REQUIRED WORK -> Carry none of the pictures over; write out the complete data exactly.

● ● ● ● ● ● ●

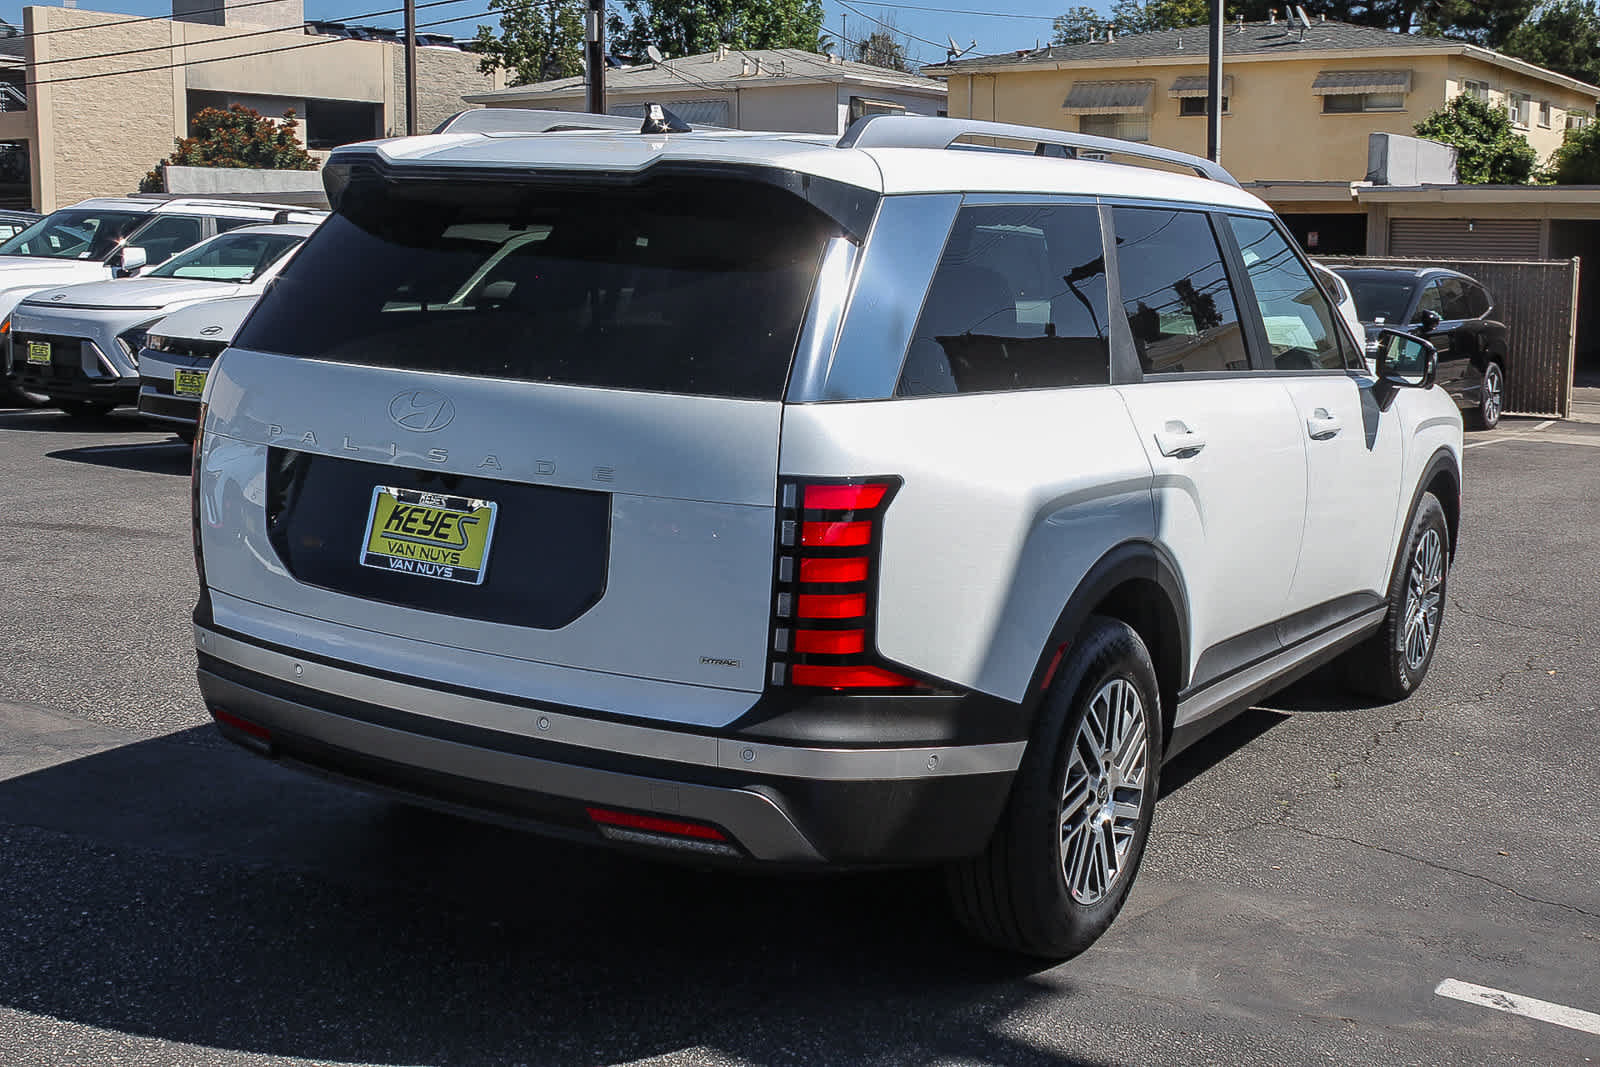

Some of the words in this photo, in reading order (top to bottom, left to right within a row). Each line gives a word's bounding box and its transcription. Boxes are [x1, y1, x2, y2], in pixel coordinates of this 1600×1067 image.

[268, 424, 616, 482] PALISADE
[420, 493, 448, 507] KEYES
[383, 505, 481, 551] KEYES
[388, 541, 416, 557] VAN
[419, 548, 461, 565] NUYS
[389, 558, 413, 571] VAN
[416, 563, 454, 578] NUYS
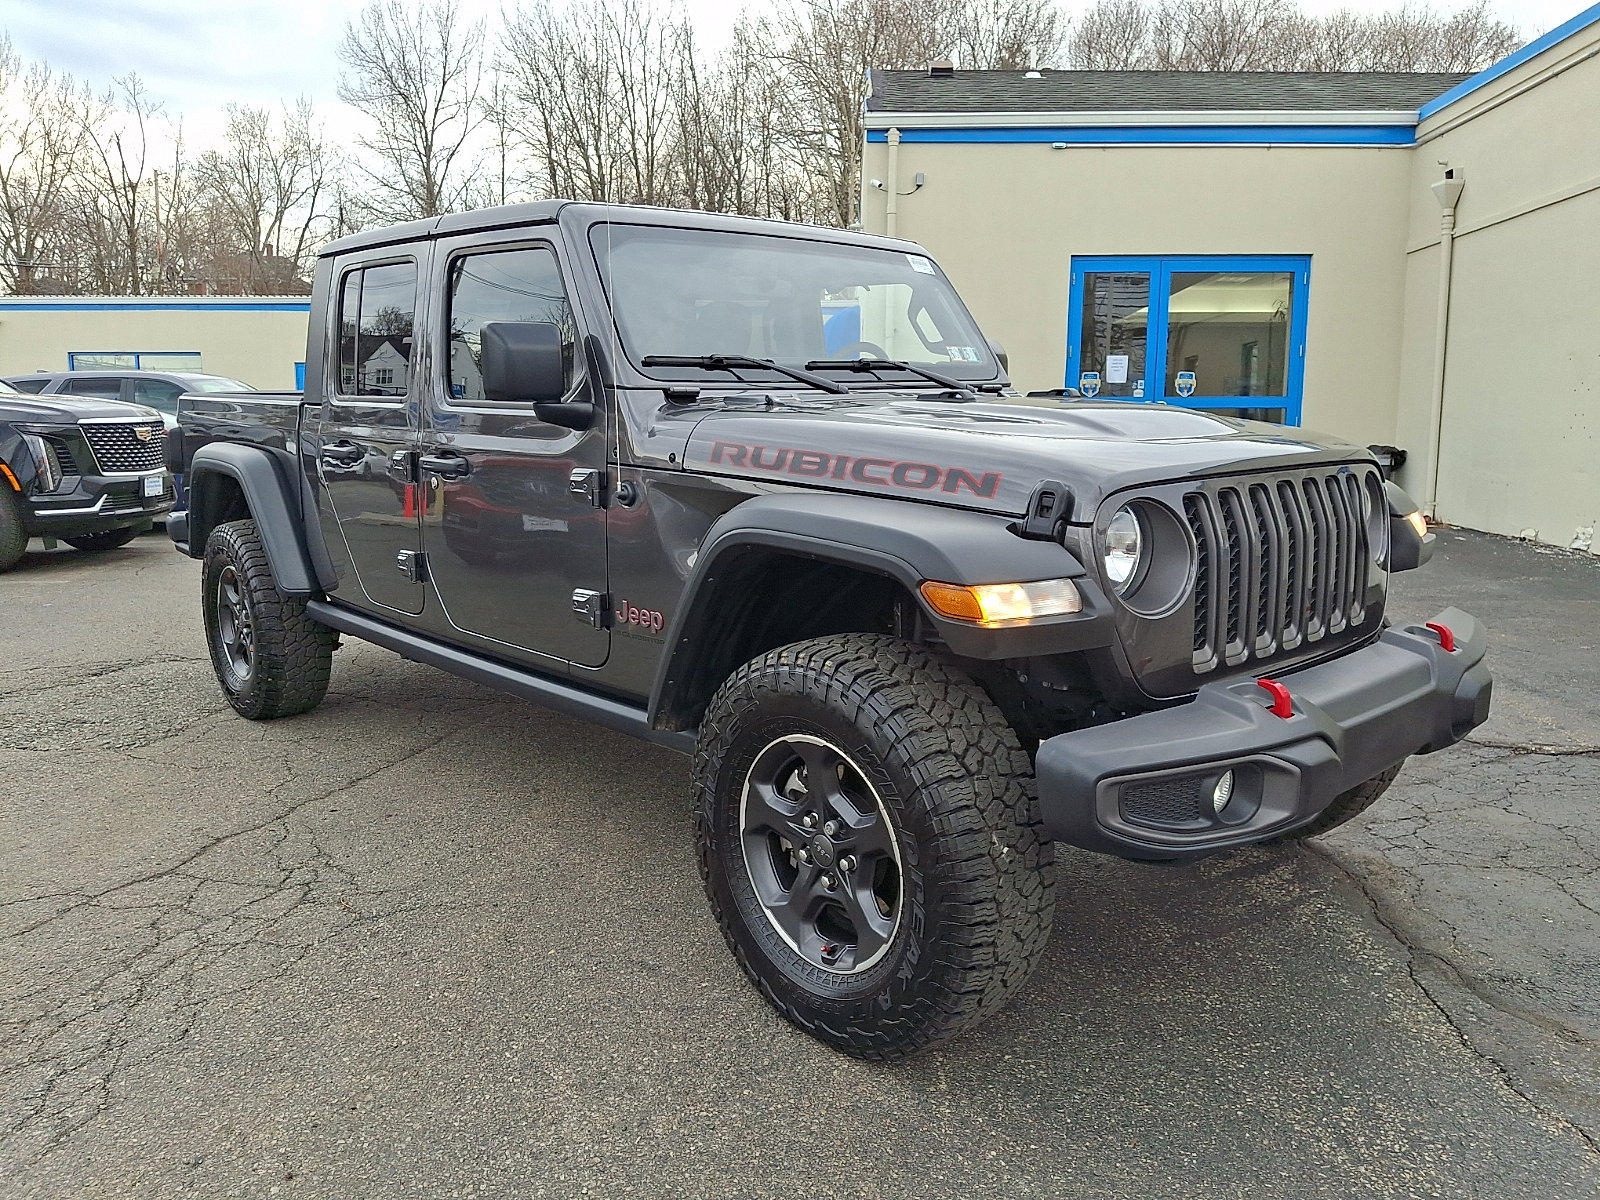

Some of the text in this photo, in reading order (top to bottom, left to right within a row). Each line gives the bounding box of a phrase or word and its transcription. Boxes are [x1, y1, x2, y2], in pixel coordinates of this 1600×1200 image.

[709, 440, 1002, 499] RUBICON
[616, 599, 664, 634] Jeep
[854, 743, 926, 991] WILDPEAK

● ● ● ● ● ● ●

RESPONSE FOR THIS EXERCISE ->
Some of the words in this photo, in reading order (top to bottom, left to right within a row). Each line gives a word's bounding box and its transcription. Boxes are [x1, y1, x2, y2], in pixel coordinates of this 1600×1067 image.

[268, 424, 616, 482] PALISADE
[420, 493, 448, 507] KEYES
[383, 505, 481, 551] KEYES
[388, 541, 416, 557] VAN
[419, 548, 461, 565] NUYS
[389, 558, 413, 571] VAN
[416, 563, 454, 578] NUYS

Some of the text in this photo, in reading order (top to bottom, left to right within a row). Each line gives the bounding box of a phrase or word and its transcription. Boxes are [x1, y1, x2, y2], in pixel coordinates of this 1600×1200 image.

[709, 440, 1002, 499] RUBICON
[616, 599, 664, 634] Jeep
[854, 743, 926, 991] WILDPEAK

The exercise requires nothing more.